The company, which makes and markets personal care, skin care and food products, bought its first dairy in Kanchipuram, a town that is around 75km from Chennai.
CavinKare will first acquire dairies in the south before moving into the northern states. The Kanchipuram acquisition cost the company Rs30 crore.
The company will spend similar amounts on other dairies, taking its total spending to between Rs1,500 crore and Rs2,000 crore over the next four-five years. CavinKare expects the dairy business to contribute at least one-fifth to a quarter of its expected turnover in the next two years.
“We are floating our ideas in the market for acquiring dairy units. There are many dairy units that are poorly managed and quickly become sick. We are looking at acquiring those. It will take a long time to set up our own (dairy) units,” said C.K. Ranganathan, chairman and managing director of CavinKare.
This acquisitions-led diversification follows a similar entry into the beverages business, with the purchase last year of a Salem-based soft drinks maker, Maa Fruits India Pvt. Ltd for Rs27.6 crore.
CavinKare aims to double its turnover to Rs1,500 crore by 2010, with its dairy business contributing around Rs300-400 crore.

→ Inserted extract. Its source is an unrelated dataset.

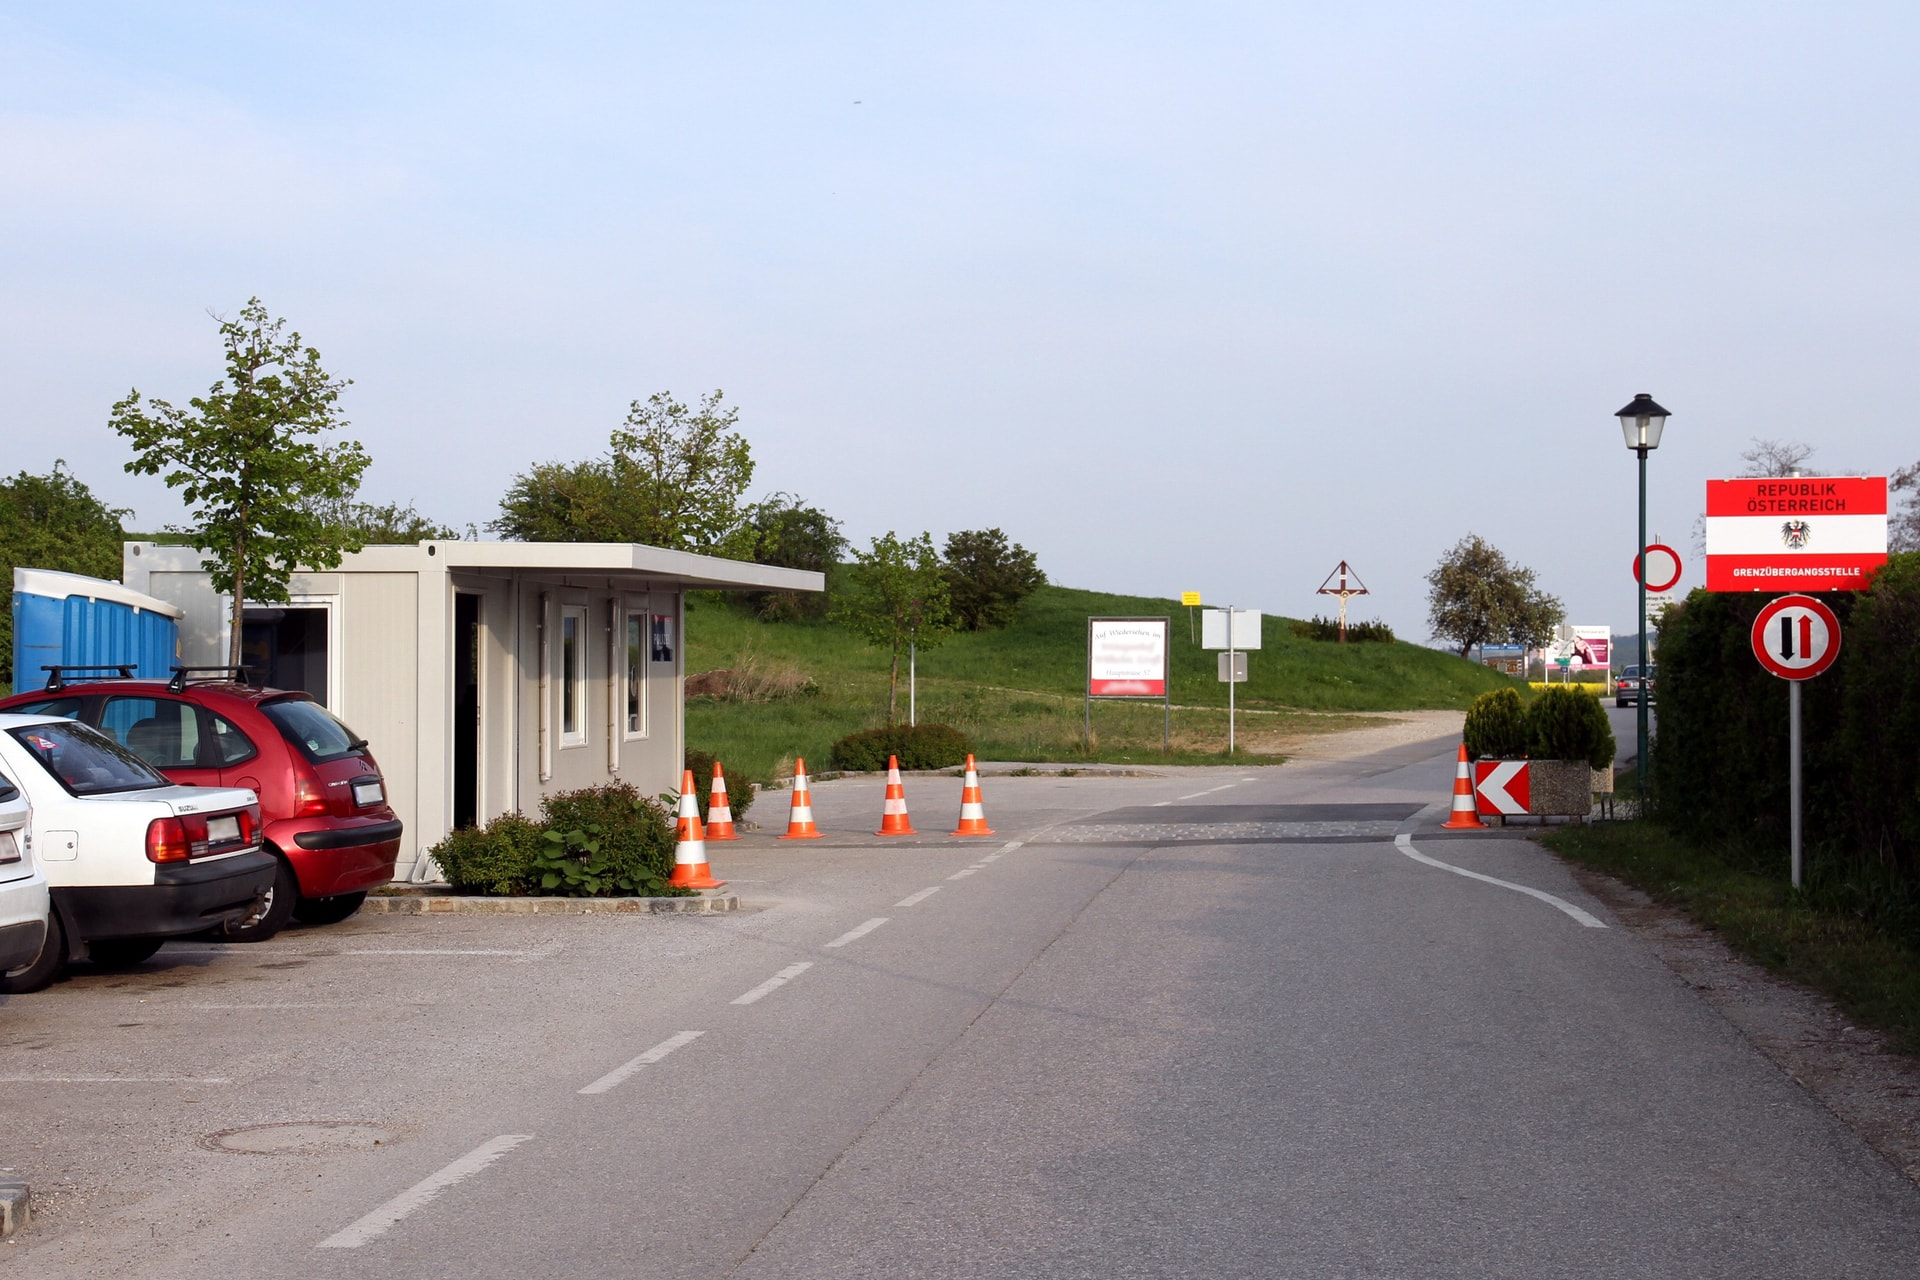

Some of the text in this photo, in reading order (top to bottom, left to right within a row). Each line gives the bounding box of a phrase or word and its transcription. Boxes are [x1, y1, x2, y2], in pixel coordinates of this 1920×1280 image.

[1757, 484, 1836, 496] REPUBLIK
[1747, 498, 1846, 512] ÖSTERREICH
[1733, 566, 1860, 577] GRENZÜBERGANGSSTELLE

It expects to end the current fiscal year with sales of around Rs725 crore and a doubling of profits.
In addition, CavinKare is also planning to set up exclusive retail outlets for its dairy products “at a later stage” and is working on launching variants of milk products.

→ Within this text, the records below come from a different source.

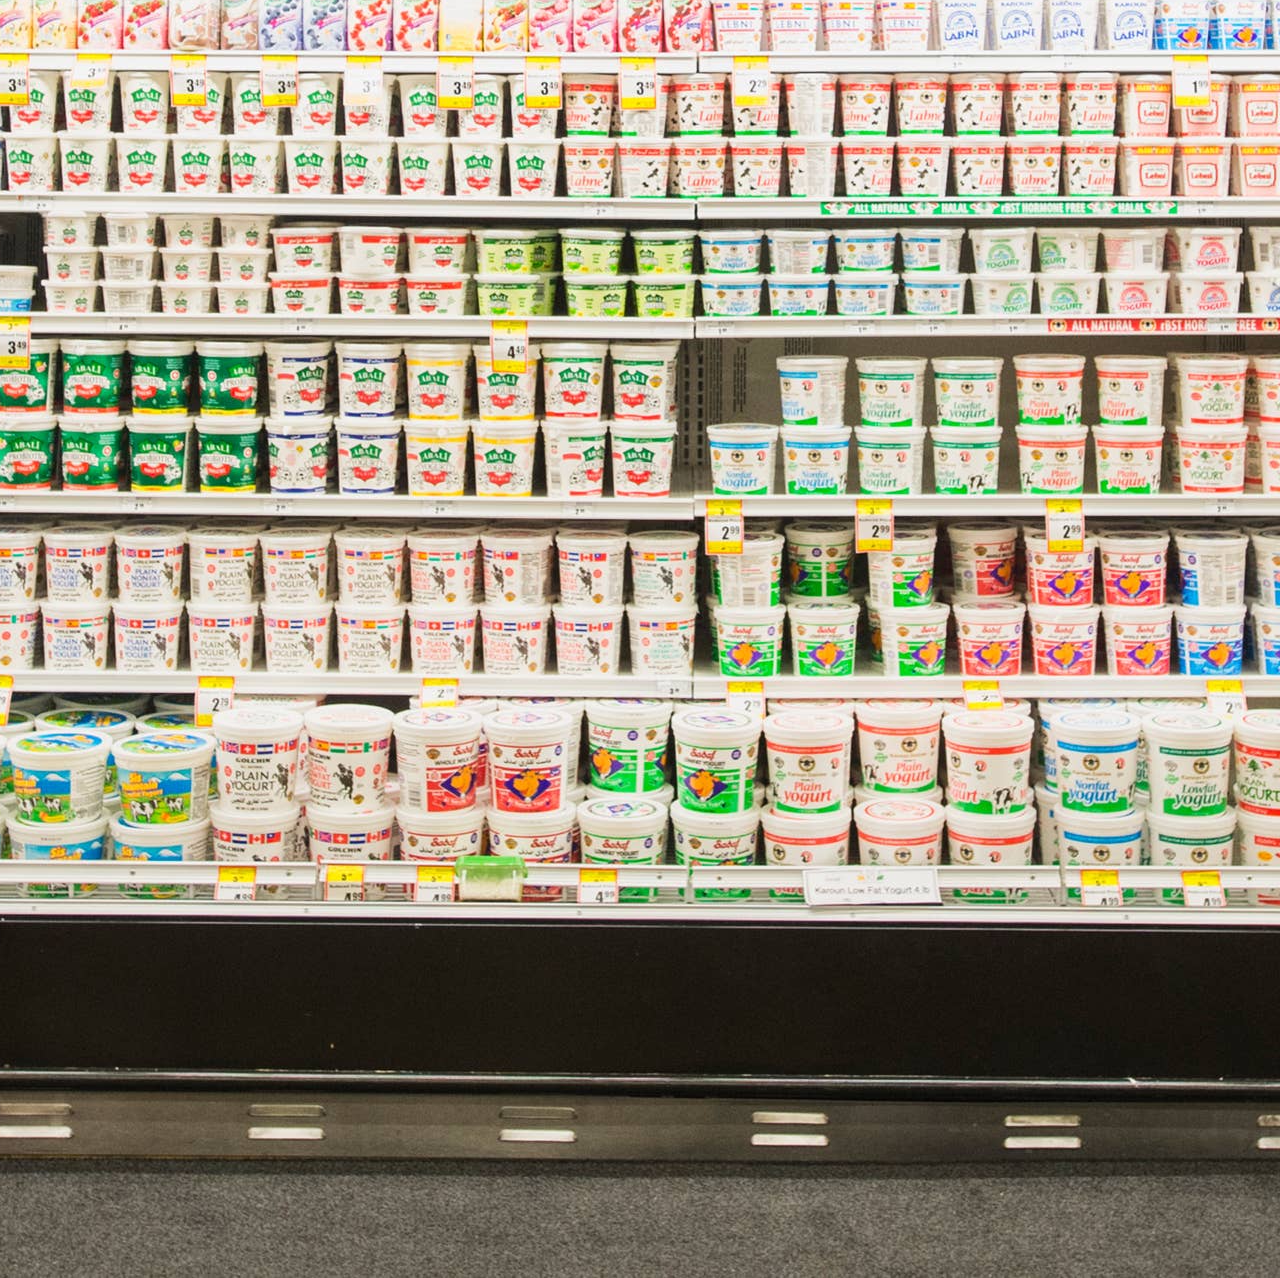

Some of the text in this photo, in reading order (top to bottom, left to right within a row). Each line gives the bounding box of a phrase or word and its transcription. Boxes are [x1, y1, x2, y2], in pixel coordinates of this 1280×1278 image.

[854, 203, 910, 214] ALL NATURAL
[941, 203, 969, 214] HALAL
[1022, 203, 1064, 214] HORMONE
[1066, 203, 1086, 214] FREE
[1118, 202, 1145, 213] HALAL
[1072, 320, 1134, 332] ALL NATURAL
[1237, 320, 1257, 331] REE
[954, 401, 981, 410] Lowfat
[1029, 399, 1050, 408] Plain
[950, 408, 987, 420] yogurt
[1023, 406, 1060, 419] yogurt
[802, 470, 829, 479] Nonfat
[1042, 476, 1078, 488] yogurt
[280, 572, 304, 580] PLAIN
[357, 573, 382, 581] PLAIN
[276, 579, 308, 588] YOGURT
[353, 580, 386, 589] YOGURT
[201, 641, 225, 649] PLAIN
[198, 648, 229, 657] YOGURT
[514, 748, 542, 759] Sadaf
[236, 756, 271, 764] GOLCHIN
[896, 761, 922, 772] Plain
[235, 771, 270, 781] PLAIN
[884, 769, 931, 785] yogurt
[232, 780, 276, 791] YOGURT
[793, 781, 823, 792] Plain
[1075, 779, 1111, 791] Nonfat
[1181, 783, 1217, 796] Lowfat
[783, 790, 832, 807] yogurt
[1069, 788, 1117, 805] yogurt
[1173, 792, 1221, 809] yogurt
[431, 836, 459, 848] Sadaf
[531, 836, 558, 848] Sadaf
[714, 838, 741, 850] Sadaf
[815, 885, 845, 894] Karoun
[847, 885, 865, 894] Low
[867, 885, 882, 894] Fat
[883, 886, 913, 896] Yogurt

“We are known for being innovative, and we will be so in this too. There is huge potential in this (dairy business), but we also recognize the fact that the margins are thinner than when compared with products in the personal care or skin care space,” Ranganathan said. He declined to elaborate further on the products to be launched.
The firm is also scouting for acquisition opportunities in its mainline business, though has not zeroed in on any company so far. Ranganathan said that CavinKare is profitable and is “quite comfortable” in terms of using cash generated from its operations and borrowing to fund its proposed acquisitions.
The company may partner with private equity investors, if need be, to fund its acquisitions. “Many private equity investors have shown interest, but we have not taken any decision on that,” he said. “But it depends on the opportunity. Can we chew what we bite is the key question.”
CavinKare would also look at filing for an initial public offering post-2010, after achieving its target turnover of Rs1,500 crore in 2010.